- [Your task] Starting with the line that contains "this 1536×2048 image.", copy each line exactly through the end of the listing, and omit all pictures.

- [Record extracts]

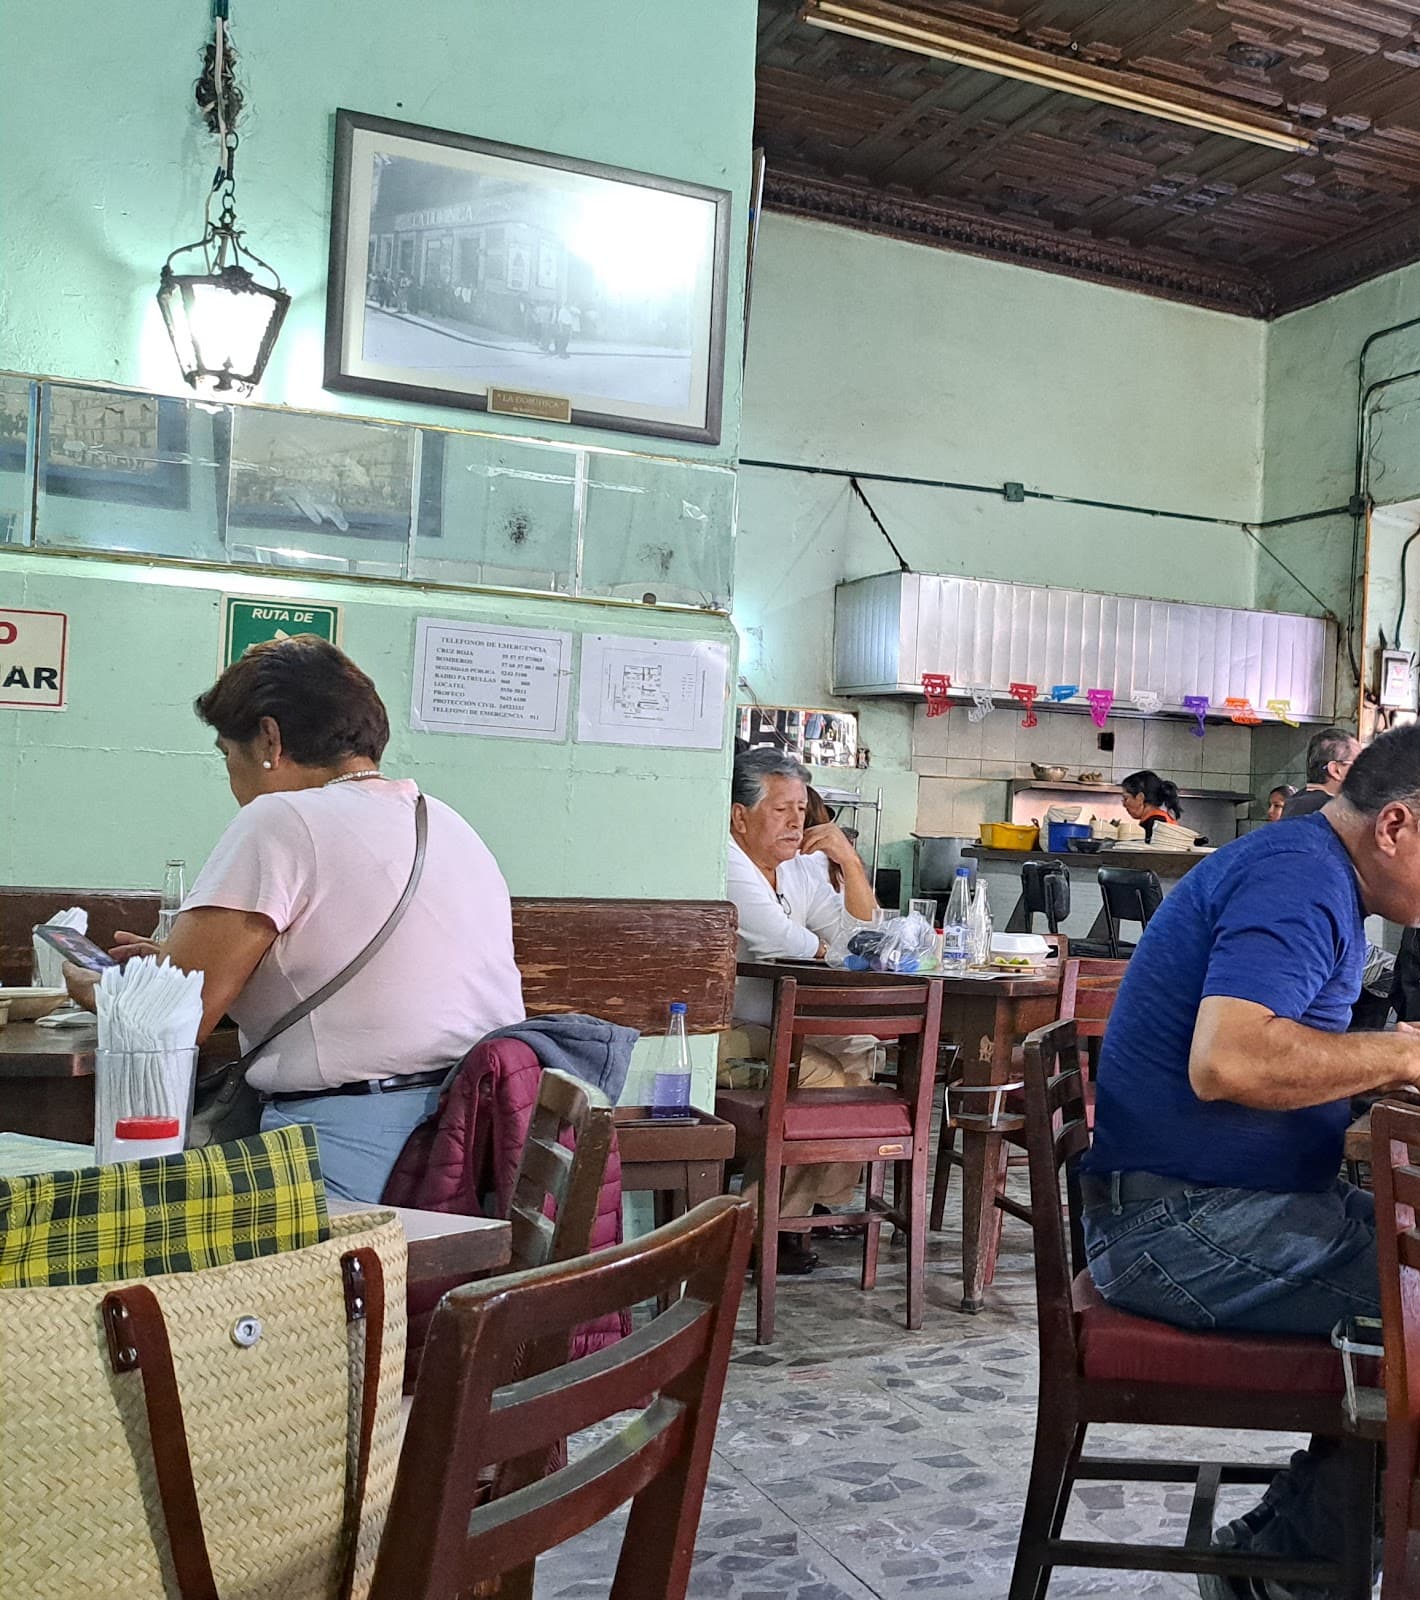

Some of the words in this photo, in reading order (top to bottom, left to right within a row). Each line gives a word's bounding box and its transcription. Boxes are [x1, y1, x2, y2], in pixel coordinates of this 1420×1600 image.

[251, 607, 290, 621] RUTA
[293, 610, 314, 623] DE
[0, 665, 59, 691] AR
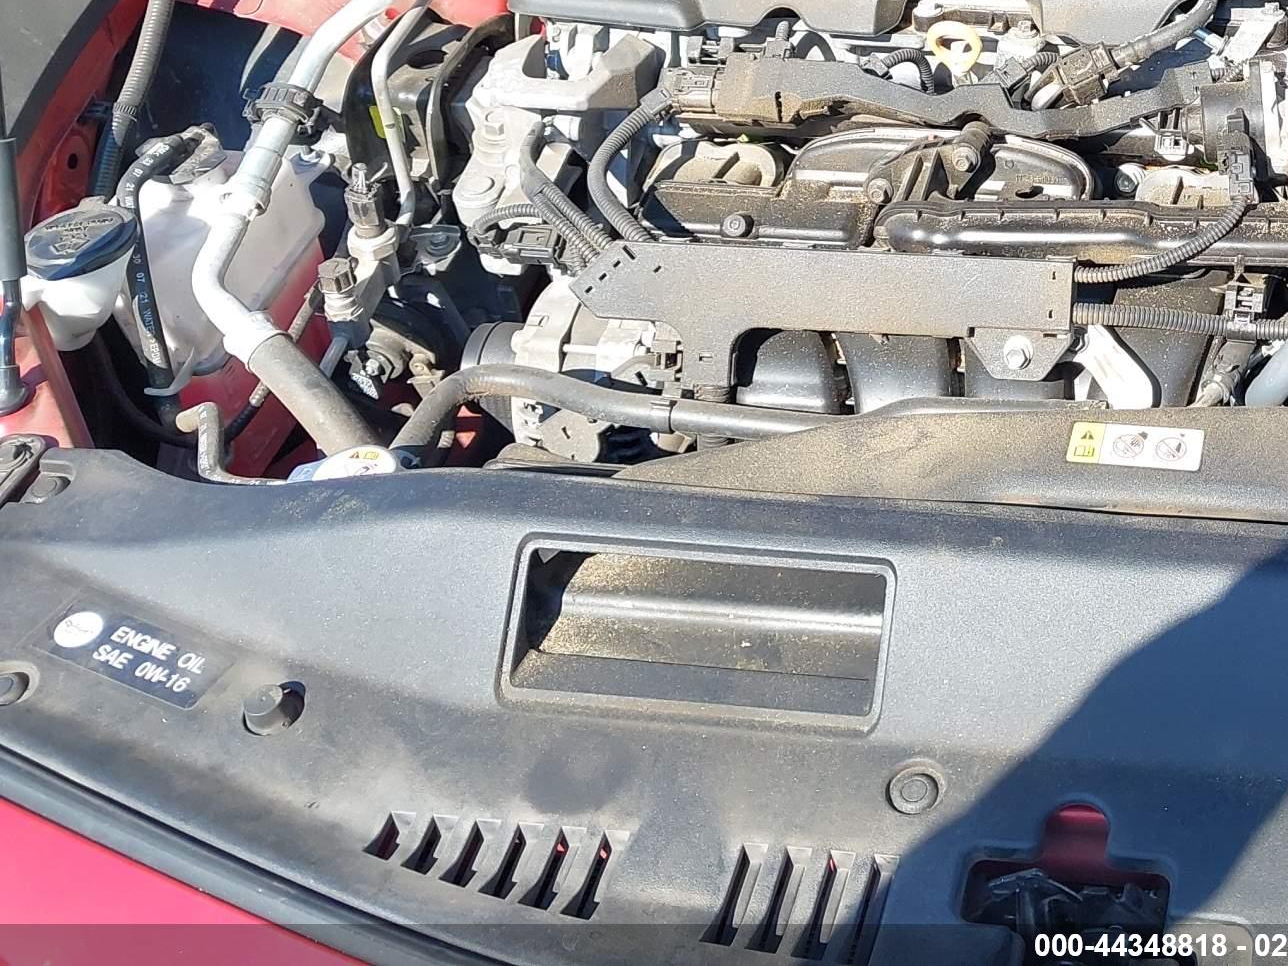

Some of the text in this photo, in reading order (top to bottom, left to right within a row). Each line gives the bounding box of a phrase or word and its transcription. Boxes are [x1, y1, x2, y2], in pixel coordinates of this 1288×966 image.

[92, 644, 191, 692] SAE 0W-16
[110, 626, 206, 674] ENGINE OIL
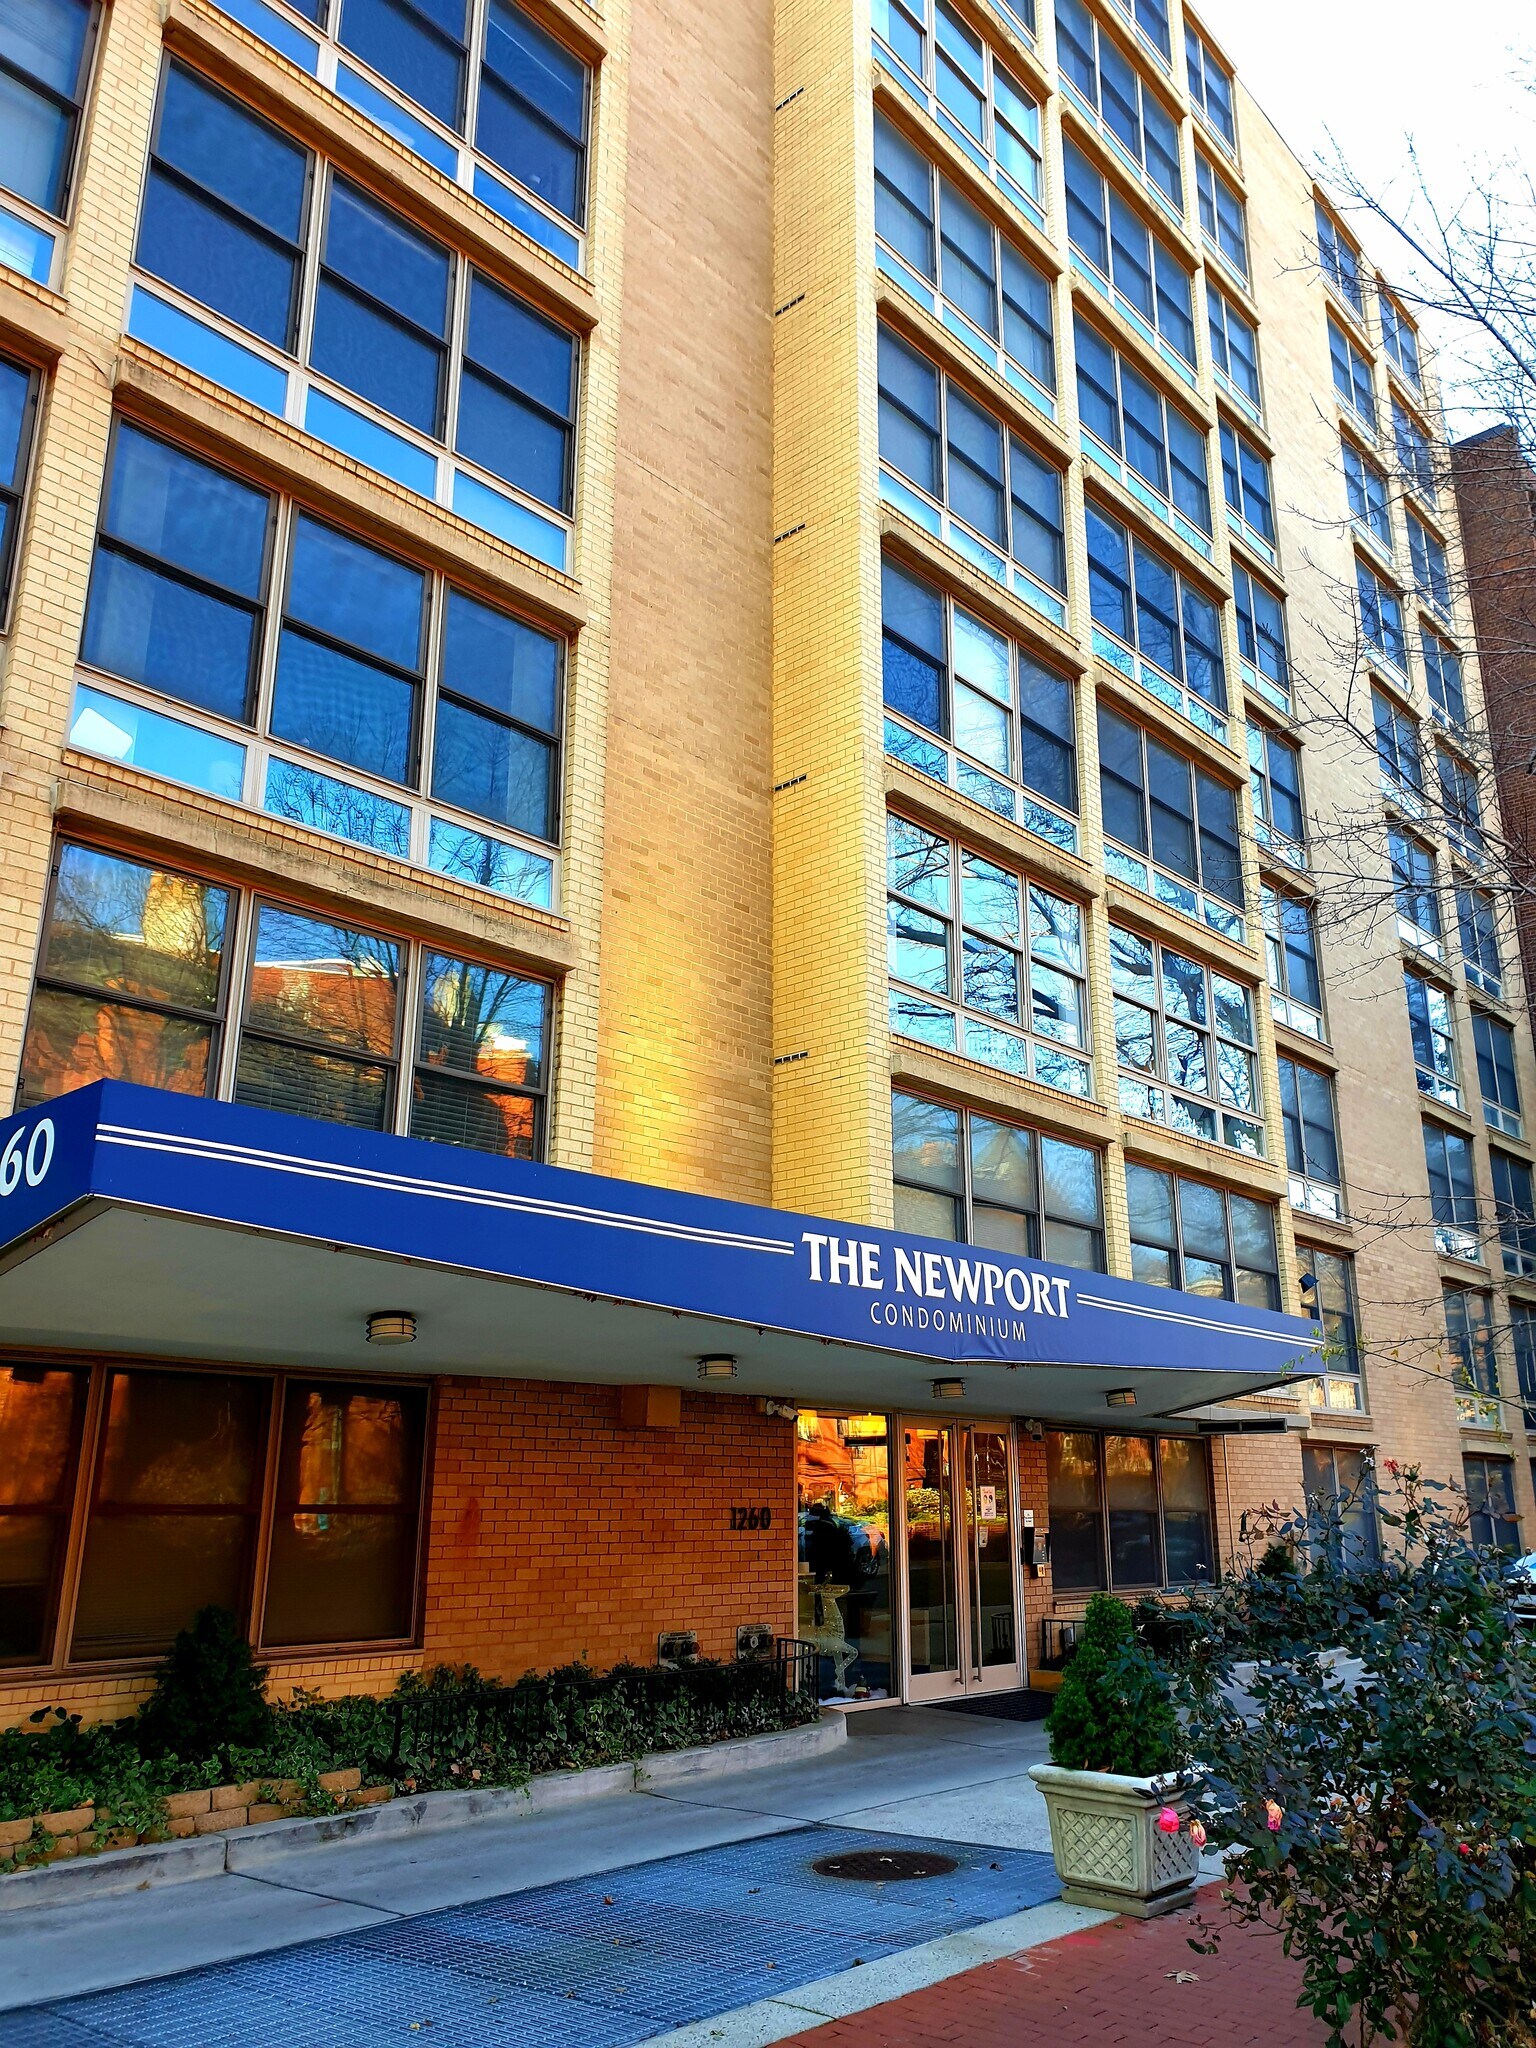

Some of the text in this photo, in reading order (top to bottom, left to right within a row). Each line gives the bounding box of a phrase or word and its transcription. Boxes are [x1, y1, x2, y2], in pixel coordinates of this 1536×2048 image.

[801, 1232, 1070, 1319] THE NEWPORT
[870, 1301, 1026, 1342] CONDOMINIUM
[730, 1506, 771, 1530] 1260
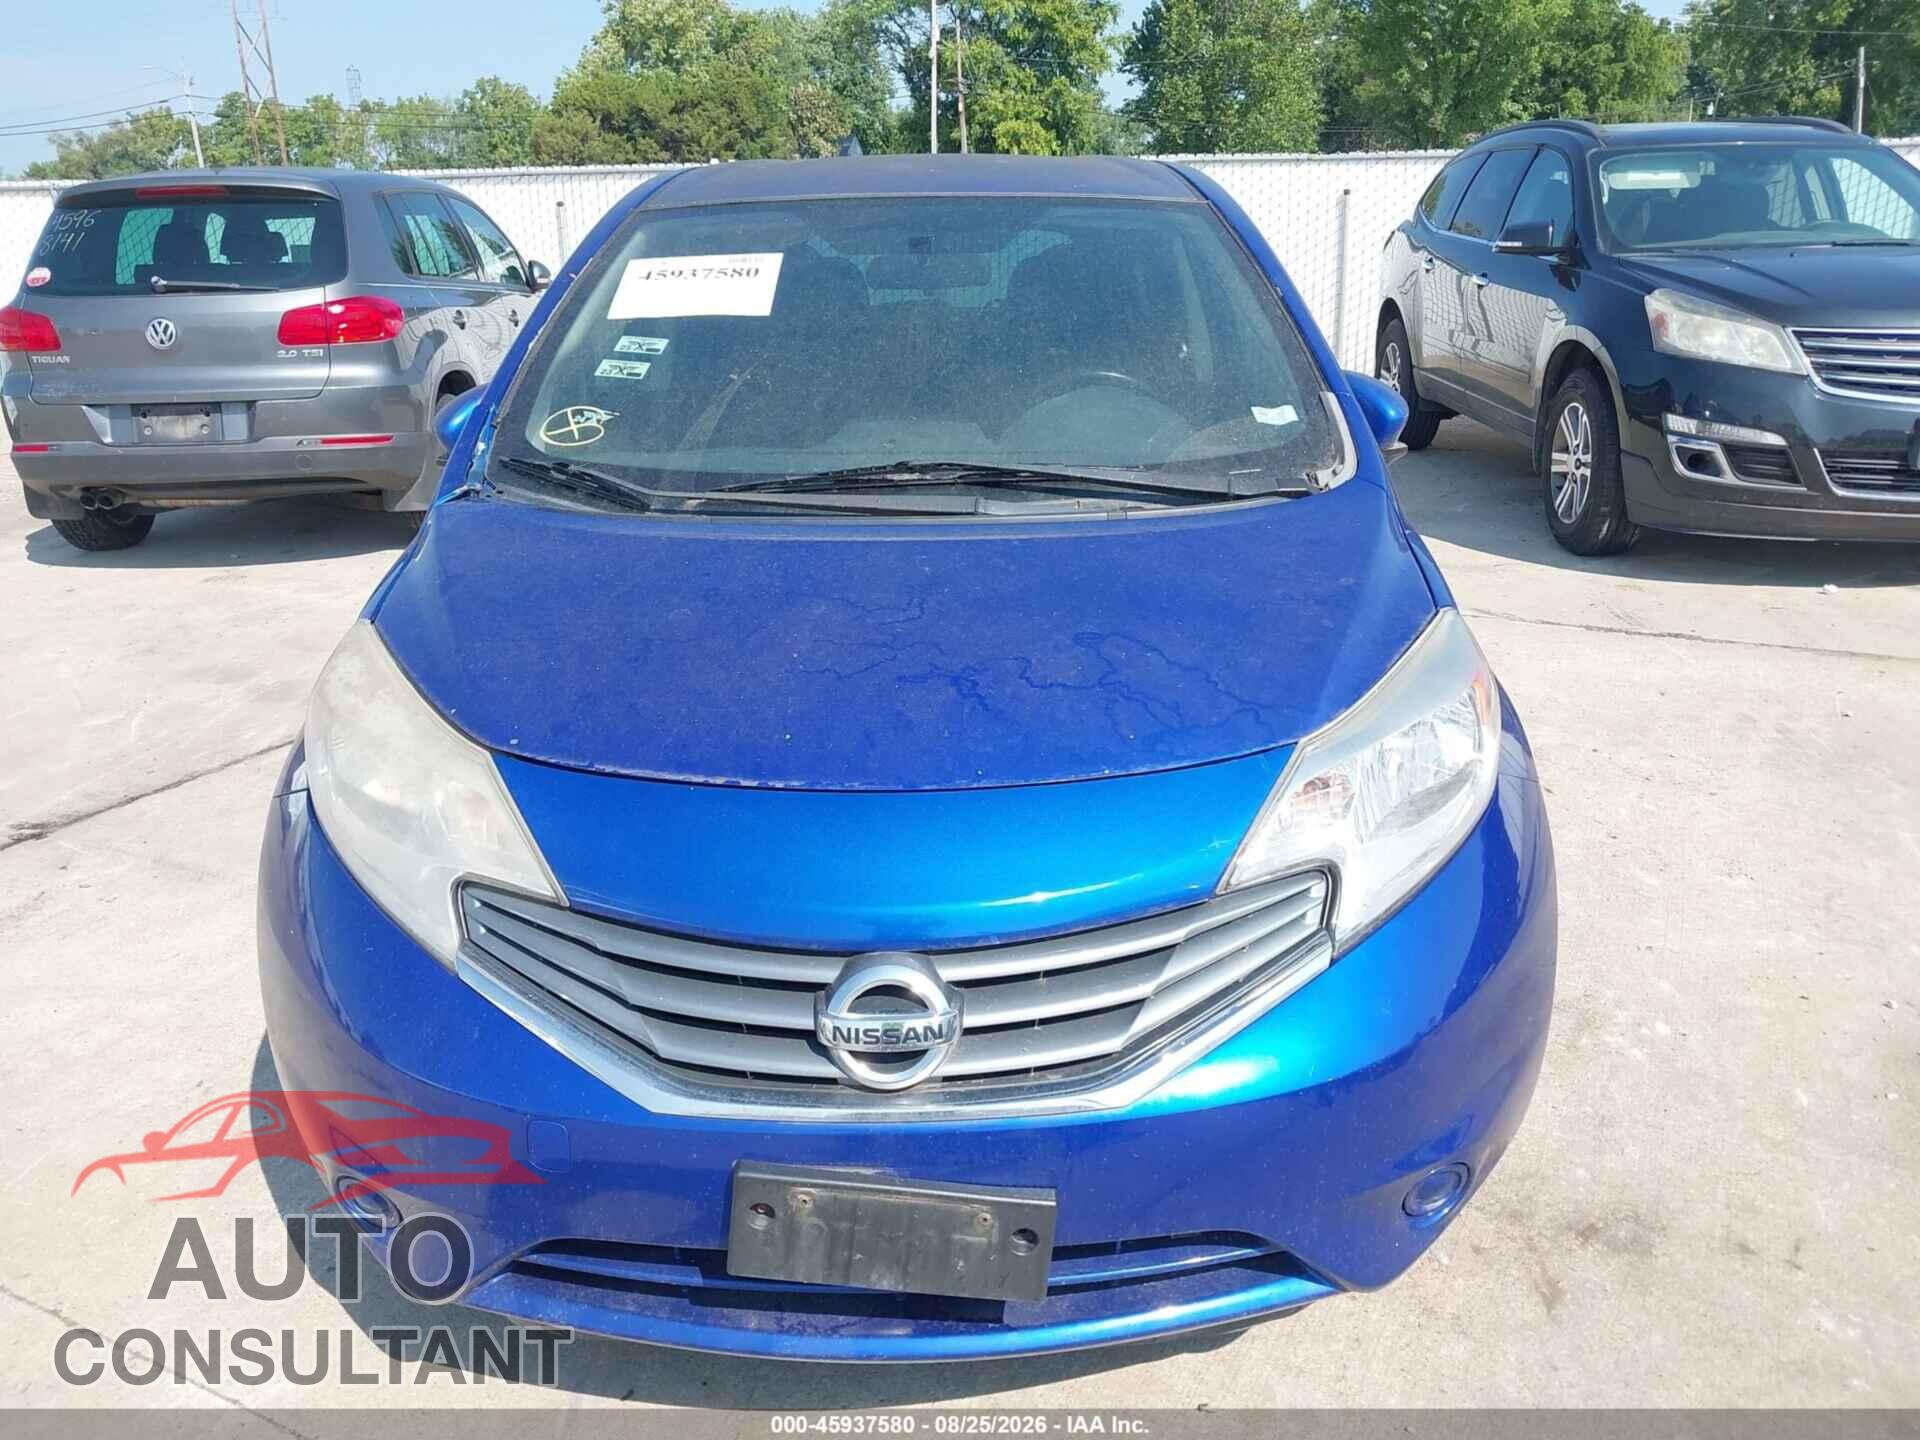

- [Solution]
Some of the text in this photo, in reading order (top to bottom, left to right within a row). Each line gives the bounding box of a phrase or word and its transcription. Boxes are [x1, y1, x2, y2], in pixel coordinates of this 1536×2048 image.

[801, 1232, 1070, 1319] THE NEWPORT
[870, 1301, 1026, 1342] CONDOMINIUM
[730, 1506, 771, 1530] 1260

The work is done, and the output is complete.